2. NAGISA AND HONOKA
Obviously they're inseparable. They're PreCures. Apart, they're powerless. However Nagisa's also terrible at winter sports (here snowboarding) and really sensitive when it comes to the boy she fancies, Fujipi. This leads her to have a very mild blink-and-you'll-miss-it fight with Nagisa, which both of them take too strongly to heart.
What happens with Nagisa and Honoka in this film is actually interesting. You can tell that it's not a serious breach, but it's still a big deal to them and it's hard to find the right moment to apologise when you're being transported to the "Garden of Clouds" or under attack by walking icicle villains. The latter end up making Nagisa and Honoka fight each other, incidentally. All this material is surprisingly good.
3. FREEZEN AND FROZEN
They're better villains than you'd think at first. Initially they just look like henchmen, the kind of opponents who'd get brushed aside halfway through an episode. They're sexy chiseled musclemen who happen to be made of spiky ice. What's sinister about them, though, is their response to heroism and apparent setbacks. They'll smile and start casually walking towards you. They think enemies attacking them are amusing. After shooting ice into Honoka and Nagisa's hearts, our villains just stand there and smile as they watch these two girls trying to kill each other.
Obviously they're the antithesis of everything the girls believe. They're cold-hearted, sadistic and hate friendship, despite also claiming to be the strongest duo ever. Where this ends up going made me laugh out loud.
Anyway, this film's exploration of friendship has quite a few interesting wrinkles, e.g. Rina's speech about "fake friends". Pretty much the entire finale is similarly riffing on this theme, from the girls' reasons for wanting to protect Hinata to the epilogue's semi-reprimand of "friends don't address each other like that".
As it happens, incidentally, Hinata/Houou is a phoenix who's the source of all warmth in the multiverse. "As long as we have the Houou, there will be no more warmth or peace," say the villains. "And then all the worlds will fall into freezing darkness." Obviously this is horseshit.

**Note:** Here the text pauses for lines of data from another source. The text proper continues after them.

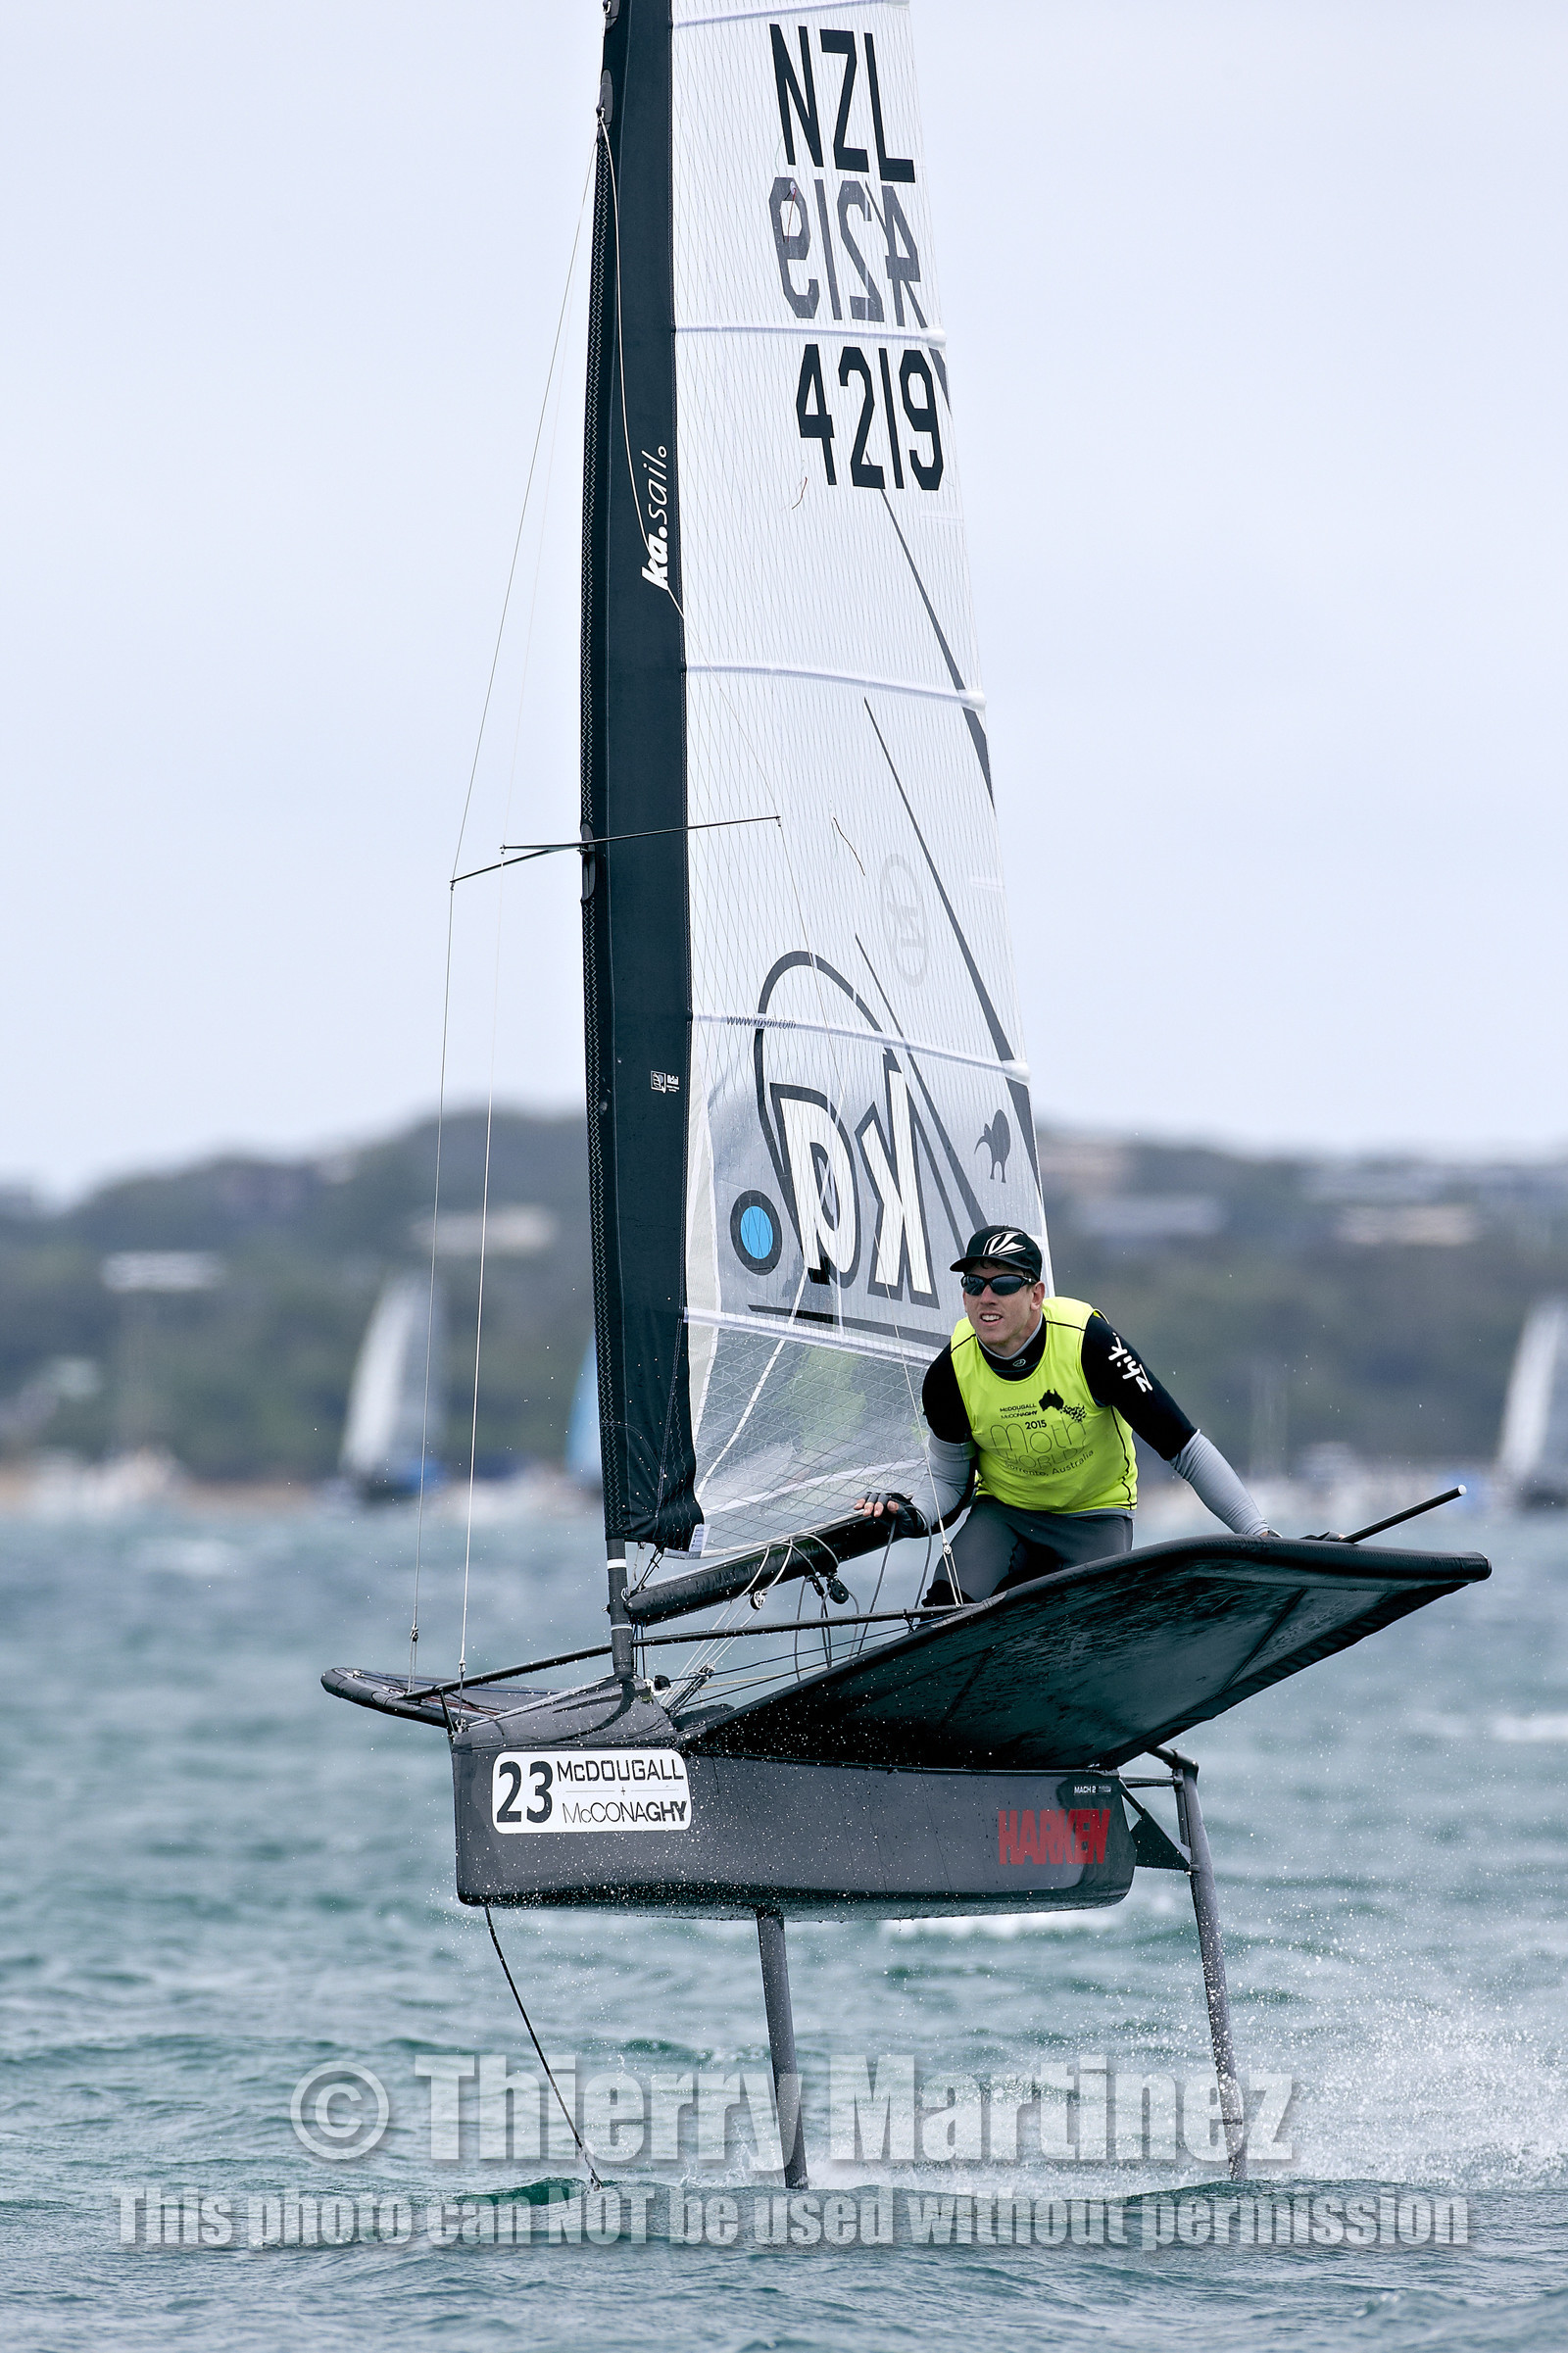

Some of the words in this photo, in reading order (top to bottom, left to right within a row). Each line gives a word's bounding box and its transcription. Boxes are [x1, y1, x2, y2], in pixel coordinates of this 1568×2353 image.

[769, 24, 915, 183] NZL
[796, 344, 944, 490] 4219
[1025, 1419, 1048, 1430] 2015
[1052, 1449, 1094, 1475] Australia
[557, 1759, 684, 1782] McDOUGALL
[496, 1760, 554, 1823] 23
[1074, 1786, 1092, 1794] MACH
[563, 1800, 687, 1823] McCONAGHY
[998, 1808, 1111, 1866] HARKEN

It's pinning unbelievable cosmic consequences to some one-off cartoon character, but the first PreCure film did something similar and you've got to admire the brass neck of it. If you're a scriptwriter who wants to write something ridiculous, why not go the whole hog and turn the idea's absurdity into a feature?

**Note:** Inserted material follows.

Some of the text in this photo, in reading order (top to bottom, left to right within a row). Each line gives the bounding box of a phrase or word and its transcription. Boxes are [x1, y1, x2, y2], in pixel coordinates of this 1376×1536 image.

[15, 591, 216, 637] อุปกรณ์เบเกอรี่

Anyway, Hinata's important. Baddies capturing her would be Exceedingly Bad. Our heroines, though, couldn't care less about all that. "Because we're friends!"
Incidentally, this film was released on 10 December 2005, between Max Heart episodes 40 and 41.

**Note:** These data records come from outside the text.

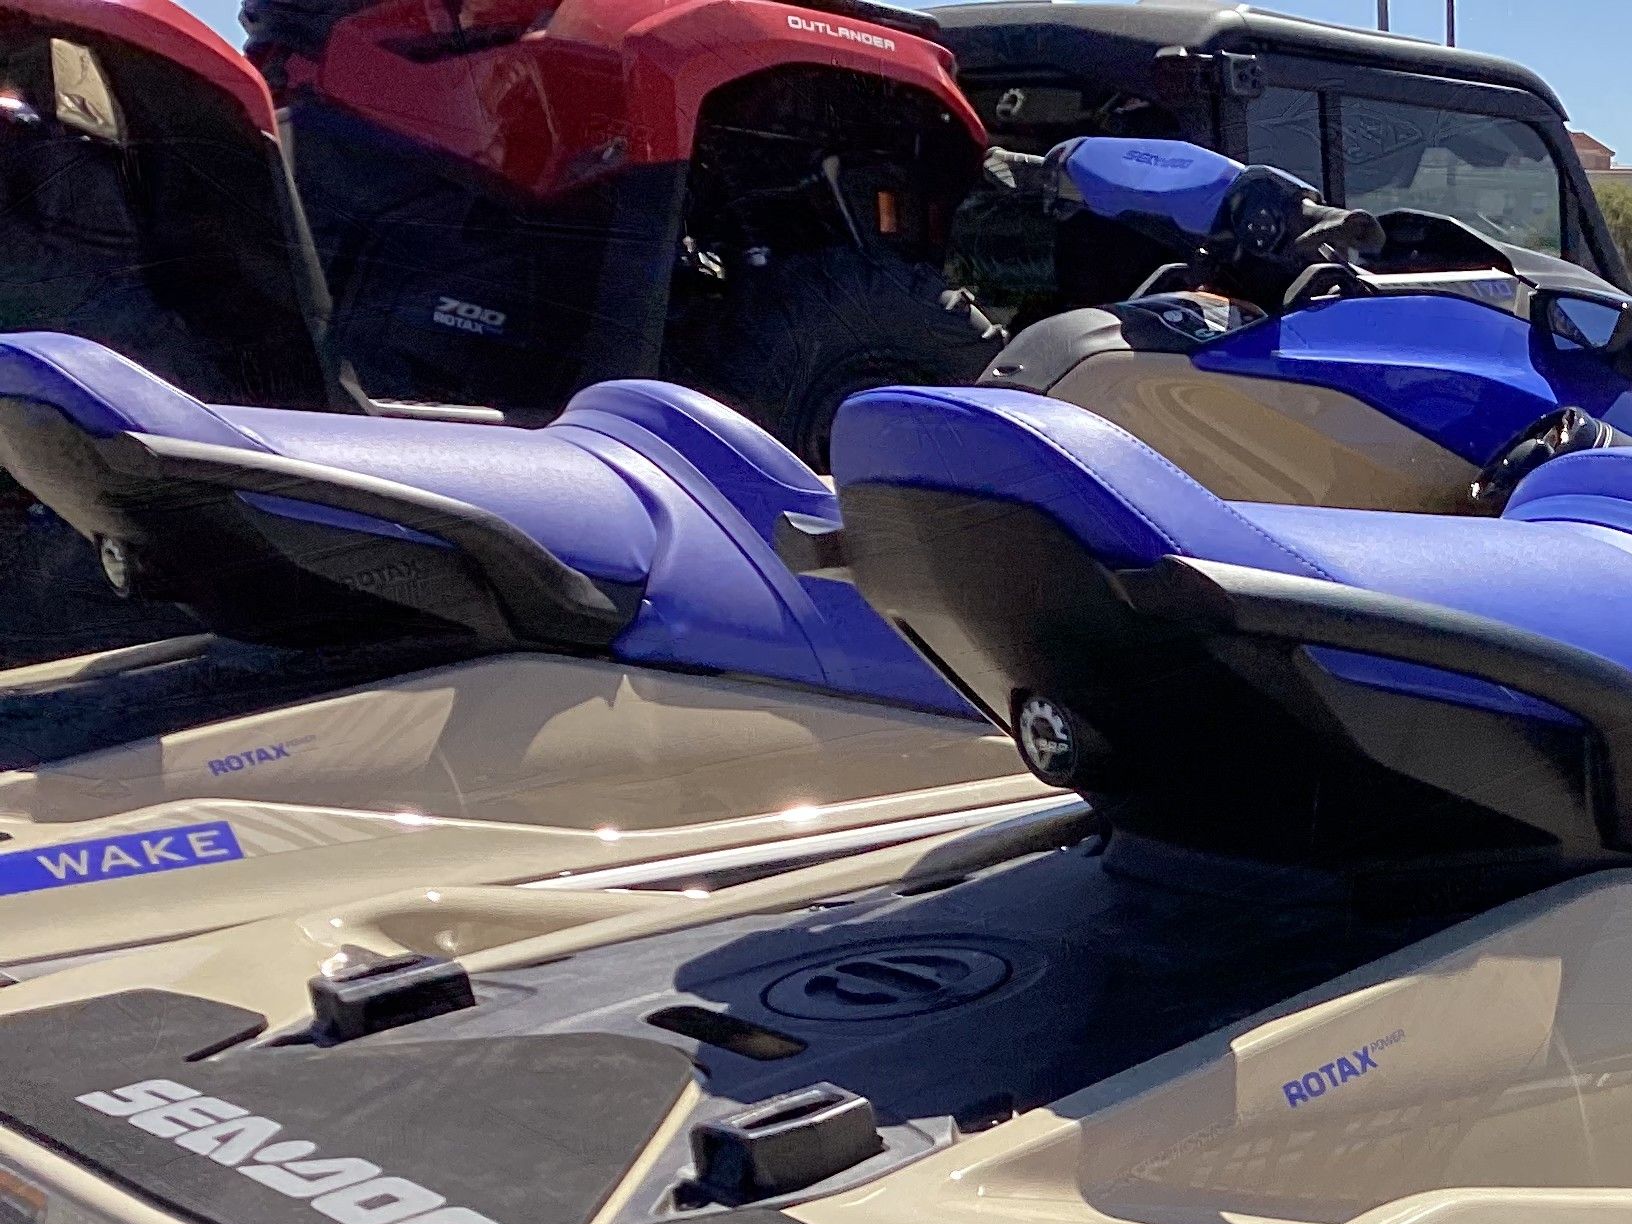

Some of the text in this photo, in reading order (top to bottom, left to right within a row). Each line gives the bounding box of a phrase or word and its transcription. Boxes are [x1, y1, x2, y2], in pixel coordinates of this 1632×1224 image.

[787, 15, 896, 52] OUTLANDER
[437, 295, 507, 327] 700
[207, 742, 291, 776] ROTAX
[36, 829, 230, 880] WAKE
[1282, 1045, 1378, 1108] ROTAX

It's a lot of fun. This film has good jokes, a cool snowbound motif and more interesting villains than you'd think at first. Nagisa and Honoka get a pretty cool entrance after they've at last made up (improvised snowboarding!), after which I went crazy over Freezen getting taken down by Honoka with her eyes closed. There's more Fujipi-Nagisa, although I was convinced that Nagisa and Honoka were about to kiss each other in their big reconciliation scene. (The PreCure franchise has been known to dabble in subtle lesbian hints, but that was a pretty loud example.) This film can be cool, funny and heartwarming. It's still a children's cartoon, but a good one.